Ah, bahkan aku baru tahu aku sedang ada ditaman.

"Duduklah," suruhnya.

Aku menurut. Shawn duduk disebelahku. "Apa yang membuatmu nekat melakukan aksi bunuh diri itu, Kar?" Tanyanya dengan tatapan seriusnya.

Aku menatapnya lekat-lekat. Berusaha untuk menemukan jawaban dari pertanyaan yang timbul selama aku berada didekatnya, apakah dia benar-benar tulus atau itu hanyalah sebuah topeng?

"They said time heals. They lied." Ucapku pada akhirnya.

Shawn mengernyitkan dahinya bingung. "Maksudmu?"

"Iya. Kata mereka, waktu akan menyembuhkanmu. Waktu akan menyembuhkan segala lukamu. Tetapi, menurutku, itu hanyalah omong kosong belaka."

"Mengapa menurutmu seperti itu?"

Aku diam sesaat. Menatap pohon-pohon didepanku. "Iya. Jika memang benar waktu akan menyembuhkanku, lantas, mengapa aku masih terluka? Mengapa waktu tak pernah menyembuhkanku?"

"Belum saatnya, Kar. Belum saatnya."

"Apanya yang belum saatnya? Sudah hampir belasan tahun aku berada didunia, yang kudapat hanyalah sebuah luka. Tidak ada yang lain. Mengapa rasanya, aku ini manusia menyedihkan, ya?" Kataku diselingi tawa mengejek. Iya. Aku mengejek diriku sendiri.

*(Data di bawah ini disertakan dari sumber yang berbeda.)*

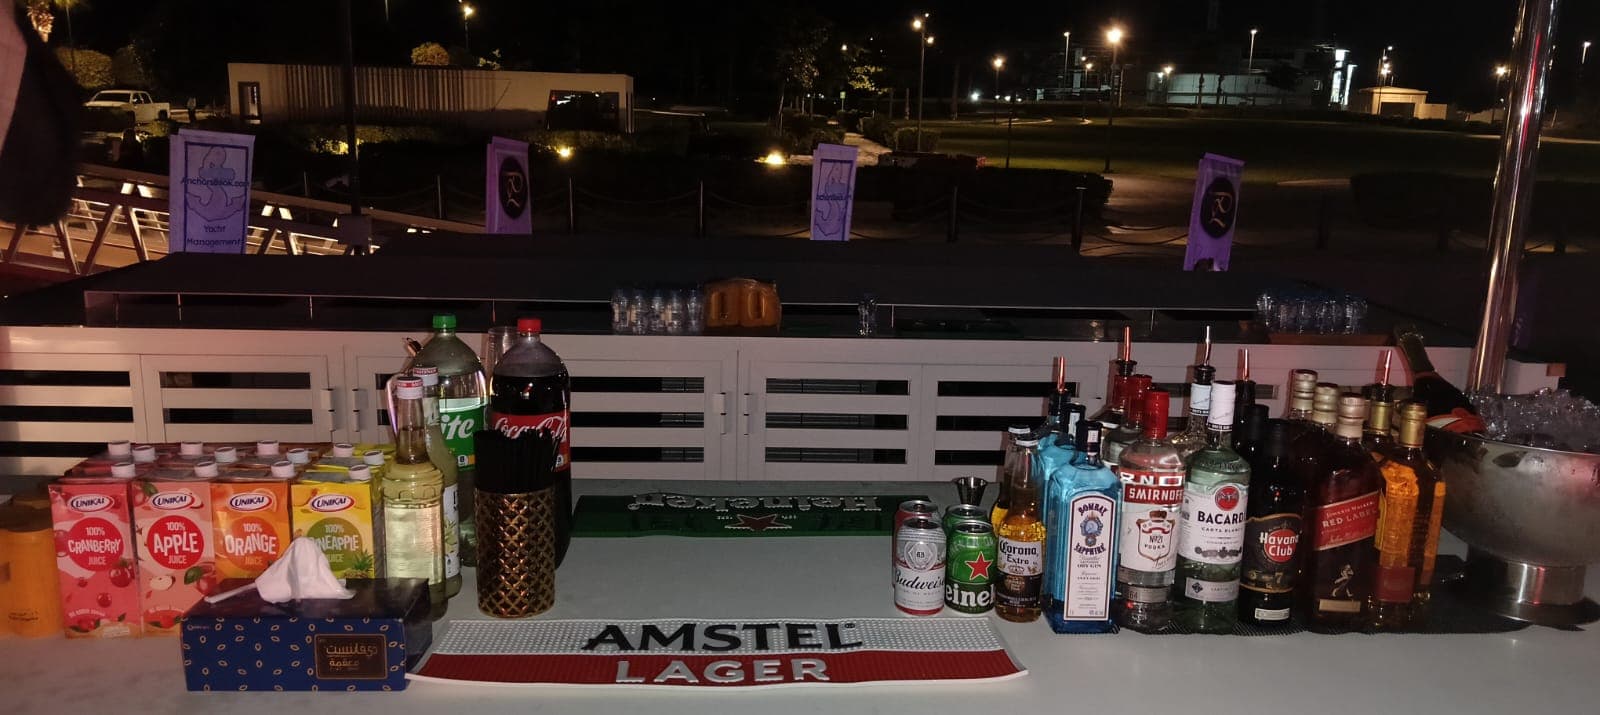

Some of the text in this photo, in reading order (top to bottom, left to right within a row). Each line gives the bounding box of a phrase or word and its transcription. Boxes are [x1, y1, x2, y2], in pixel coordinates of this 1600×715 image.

[204, 224, 226, 234] Yacht
[187, 238, 241, 248] Management
[440, 414, 475, 440] ite
[76, 497, 105, 508] UNIKAI
[157, 496, 187, 506] UNIKAI
[234, 497, 265, 507] UNIKAI
[316, 497, 347, 508] UNIKAI
[628, 494, 882, 512] Heineken
[1078, 503, 1108, 516] BOMBAY
[1322, 508, 1377, 529] RED LABEL
[86, 527, 105, 536] 100%
[167, 522, 186, 531] 100%
[243, 523, 263, 532] 100%
[325, 524, 345, 533] 100%
[1259, 532, 1299, 544] Havana
[68, 539, 121, 554] CRANBERRY
[153, 532, 199, 556] APPLE
[224, 534, 277, 556] ORANGE
[1074, 542, 1107, 555] SAPPHIRE
[1268, 545, 1293, 557] Club
[88, 556, 106, 565] JUICE
[168, 555, 187, 564] JUICE
[245, 556, 263, 566] JUICE
[1007, 554, 1029, 565] Extra
[616, 658, 830, 683] LAGER

Shawn menghela nafasnya pelan. Ia menatapku lekat-lekat, "aku tidak tau apa masalahmu sebenarnya. Tetapi, tidak. Kar, kau bukanlah satu-satunya orang yang sedang berjuang. Tidak. Kau, dan ribuan orang disana juga sedang berjuang mempertahankan apapun. Dan dirimu, kau sedang mempertahankan dirimu sendiri. Patutkah dirimu bertahan atau tidak. Patutkah kau terus berjuang atau tidak. Patutkah kau masih bisa berdiri tegap ketika diterjang ombak besar. Kara, jalani saja semuanya dengan apa adanya. Biarkan waktu yang berbicara kepada takdir kapan ia pantas untuk menjalankan aksinya."

Aku menatapnya penuh amarah ketika mendengar perkataannya. Aku menggeleng kuat-kuat, "tidakkah kau mengerti sedikitpun, Shawn?! Tidakkah kau mengerti bahwa aku lelah dengan semua ini! Aku lelah! Tidakkah kau mengerti bahwa aku telah kalah telak dalam permainan takdir dan waktu ini?! Ah, kurasa percuma saja, kau juga tidak akan mengerti apapun yang kurasakan. Karena, kau bahkan jauh lebih beruntung dariku."

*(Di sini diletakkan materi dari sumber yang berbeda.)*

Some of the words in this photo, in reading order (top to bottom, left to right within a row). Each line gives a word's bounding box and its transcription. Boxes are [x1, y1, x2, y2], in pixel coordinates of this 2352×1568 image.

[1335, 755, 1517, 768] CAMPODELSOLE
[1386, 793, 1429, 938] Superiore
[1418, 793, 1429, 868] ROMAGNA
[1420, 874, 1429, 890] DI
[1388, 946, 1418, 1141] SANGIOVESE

Shawn membalas tatapanku kemudian tersenyum sendu. Sial. Aku salah bicara!

"Apakah menurutmu, kehilangan kedua orangtuamu dikalah kau benar-benar membutuhkan mereka untuk berada disisimu untuk menghadapi dunia yang sebenarnya  adalah sesuatu yang jauh lebih beruntung? Jika iya, kau salah besar, Kar. Aku merasa hampa ketika mereka tiada. Aku merasa kosong. Tidak akan ada lagi yang mendengarkan keluh kesahku ketika mereka selalu menggangguku. Bahkan, ketika aku didepak dari sekolahku yang bahkan bukan karena kesalahanku, aku harus memendamnya sendiri."

Shawn berhenti sebentar untuk menghela nafasnya, "kalau saja bukan karena adik kecilku itu, mungkin aku tidak tahan dengan segala beban yang kupanggul ini."

Aku hanya diam tidak menjawab. Aku menatap kosong kearah sepatuku. Memikirkan ceritanya tadi.

"Kau hanya butuh seseorang untuk menjadi sandaranmu, Kar. Don't give up the fight. Dan jika mau, aku akan dengan senang hati ingin menjadi temanmu."

---

Hai, lama banget ya gue gak apdet cerita ini:')) q ingin menangos grgr sempat ngestuck hue. Terus udah masuk SMA dan gue harus menyesuaikan diri dengan lingkungan. Nangos hu.

Intinya gue usahain tetep lanjut ya. Ok ok.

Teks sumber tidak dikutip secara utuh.